With multi_gpu_model, I used the following code (with tensorflow backend) to save the weights trained by each epoch:
model = Unet(...)
parallel_model = multi_gpu_model(model, gpus=4)
model.compile(optimizer = Adam(lr = 2e-4), loss = 'categorical_crossentropy', metrics = ['categorical_accuracy'])
model.save("./UNet.h5")
checkpoint = ModelCheckpoint('./weights.{epoch:04d}-{val_loss:.2f}.hdf5', save_weights_only=True)
logger = CSVLogger(os.path.join(".", "training.log"))
history = LossHistory()
parallel_model.compile(optimizer = Adam(lr = 2e-4), loss = 'categorical_crossentropy', metrics = ['categorical_accuracy'])
parallel_model.fit(x=x_train, y=y_train, validation_data=(x_valid, y_valid), epochs=n_epoches,
batch_size=batch_size, verbose=2,
callbacks=[checkpoint,logger,history] )
################in testing.py
model=Unet(...)
model.load_weights('./weights.0001-0.16.hdf5')
but it gives an error:
Traceback (most recent call last):
File "testing.py", line 131, in <module>
model.load_weights('weights.0001-0.16.hdf5')
File "/workspace/hshu/anaconda3/lib/python3.5/site-packages/Keras-2.0.9-py3.5.egg/keras/engine/topology.py", line 2622, in load_weights
File "/workspace/hshu/anaconda3/lib/python3.5/site-packages/Keras-2.0.9-py3.5.egg/keras/engine/topology.py", line 3115, in load_weights_from_hdf5_group
ValueError: You are trying to load a weight file containing 1 layers into a model with 71 layers.
But it works if I just use model=load_model("./UNet.h5") where I think it uses the weights of the final epoch. However, I would like to see the weights of each epoch.
I also tried to save the model trained by each epoch by using the following code:
model = Unet(...)
parallel_model = multi_gpu_model(model, gpus=4)
model.compile(optimizer = Adam(lr = 2e-4), loss = 'categorical_crossentropy', metrics = ['categorical_accuracy'])
model.save("./UNet.h5")
checkpoint = ModelCheckpoint('./weights.{epoch:04d}-{val_loss:.2f}.hdf5')
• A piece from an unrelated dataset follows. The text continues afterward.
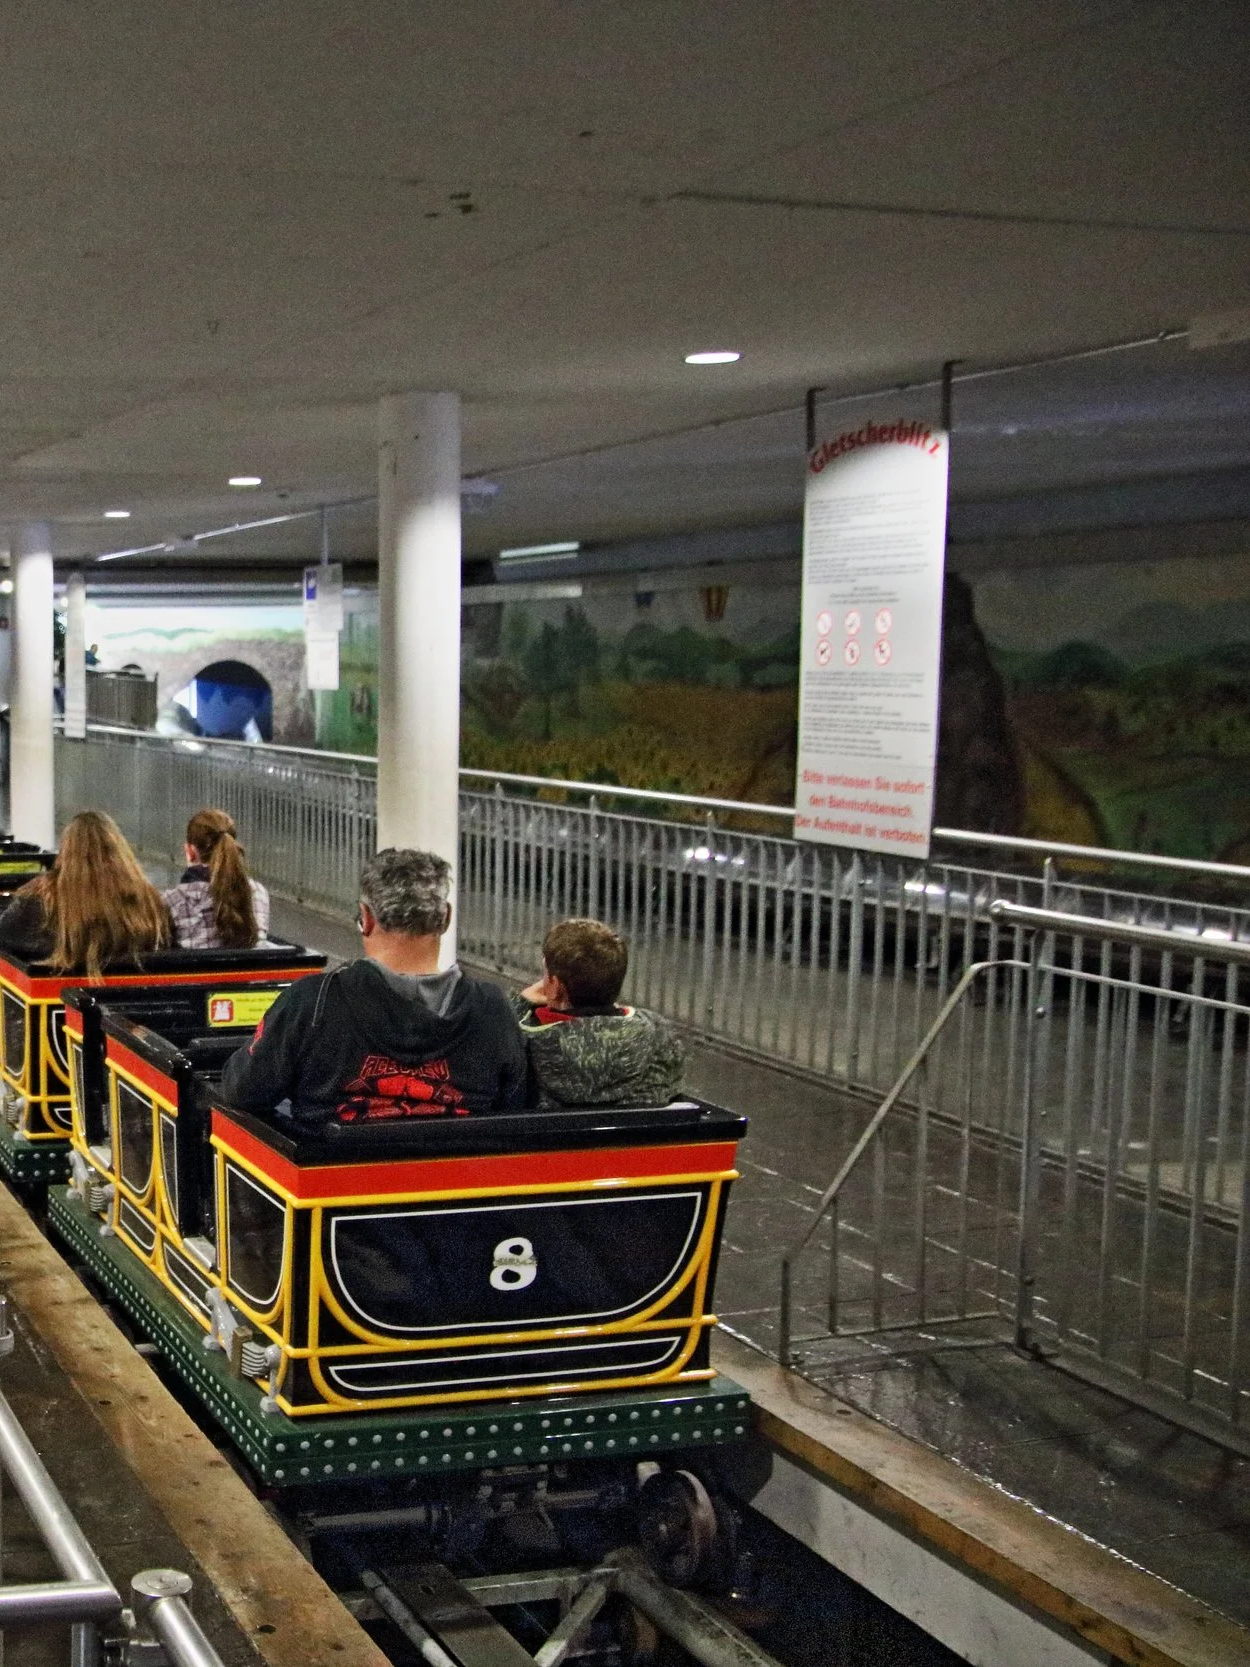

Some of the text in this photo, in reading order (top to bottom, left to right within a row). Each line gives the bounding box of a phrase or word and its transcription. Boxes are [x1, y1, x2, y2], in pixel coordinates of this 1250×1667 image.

[803, 769, 925, 794] Bitte verlassen Sie sofort
[795, 814, 810, 828] Der
[814, 816, 862, 836] Aufenthalt
[490, 1237, 537, 1290] 8
logger = CSVLogger(os.path.join(".", "training.log"))
history = LossHistory()
parallel_model.compile(optimizer = Adam(lr = 2e-4), loss = 'categorical_crossentropy', metrics = ['categorical_accuracy'])
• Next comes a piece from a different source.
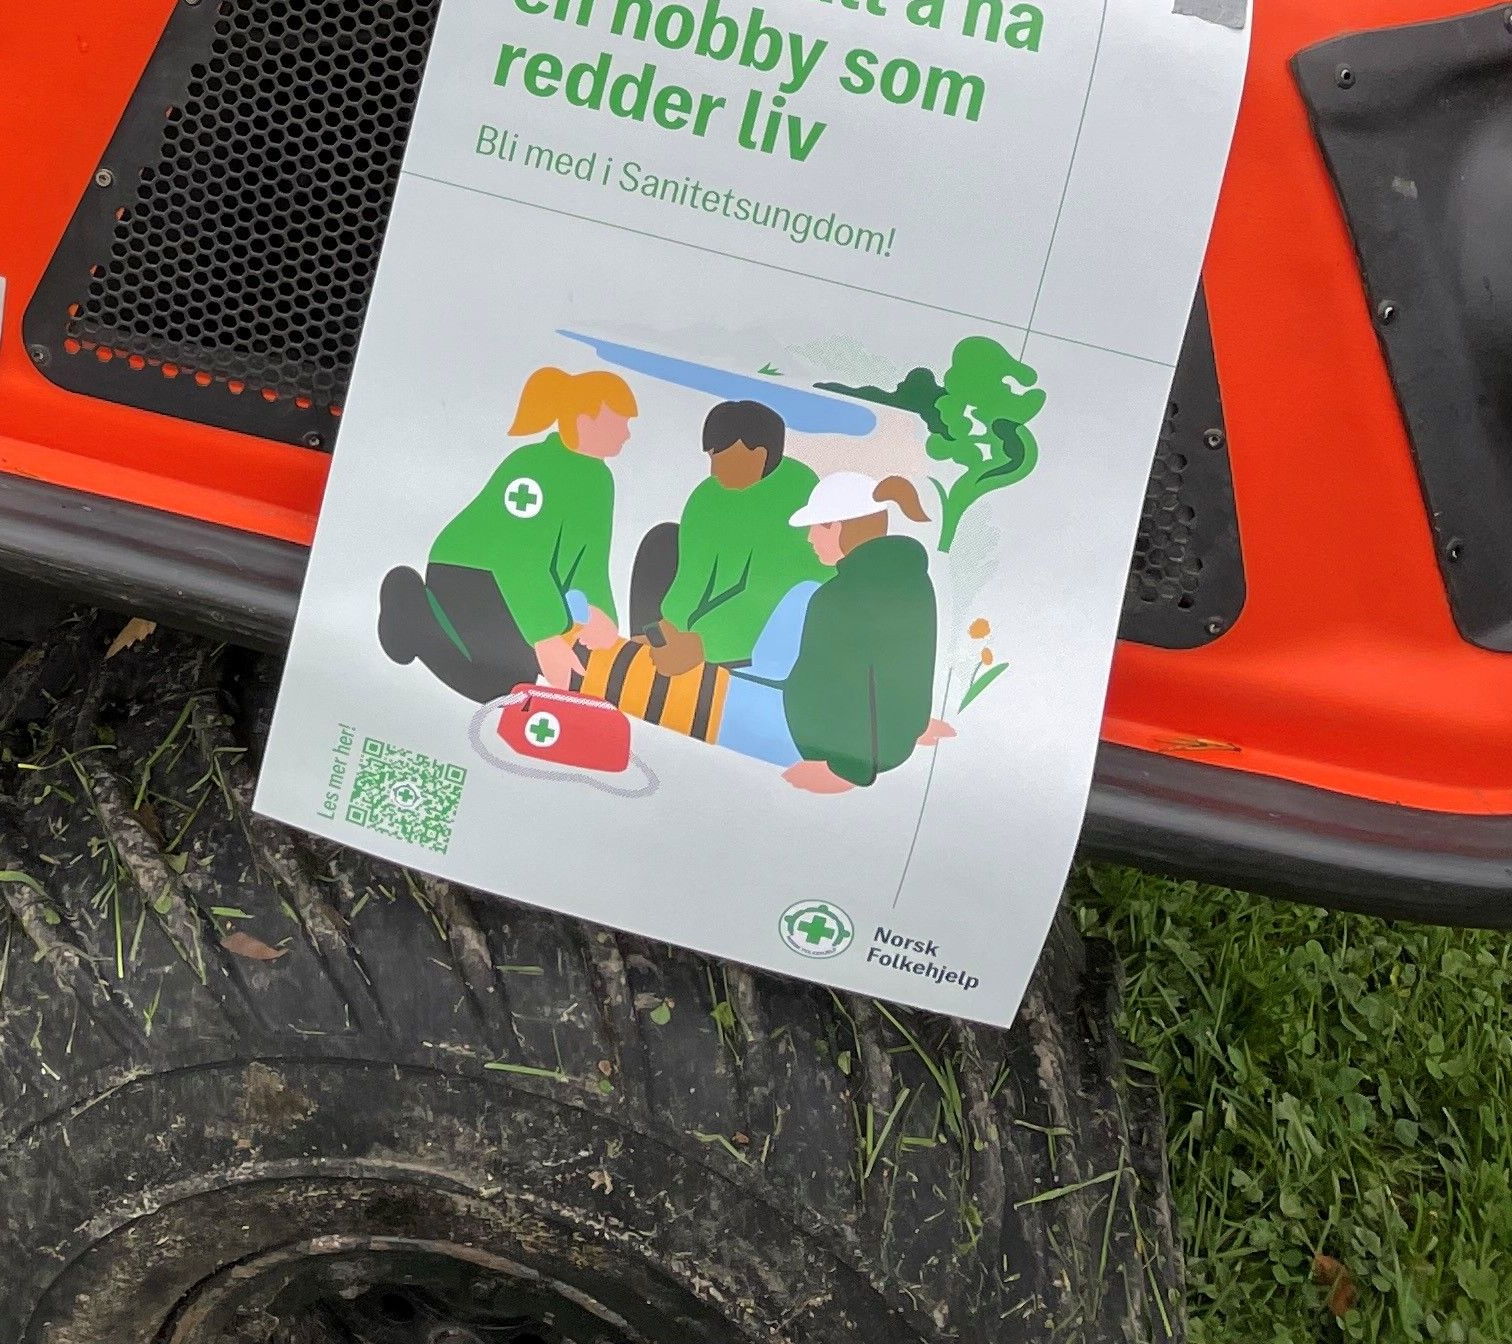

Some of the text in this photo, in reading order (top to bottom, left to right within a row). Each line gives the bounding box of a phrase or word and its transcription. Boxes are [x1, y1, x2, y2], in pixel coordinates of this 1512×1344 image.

parallel_model.fit(x=x_train, y=y_train, validation_data=(x_valid, y_valid), epochs=n_epoches,
batch_size=batch_size, verbose=2,
callbacks=[checkpoint,logger,history] )
################in testing.py
model=load_model('./weights.0001-0.16.hdf5')
This time, it gives an error:
Traceback (most recent call last):
File "testing.py", line 132, in <module>
model=load_model("./weights.0001-0.16.hdf5")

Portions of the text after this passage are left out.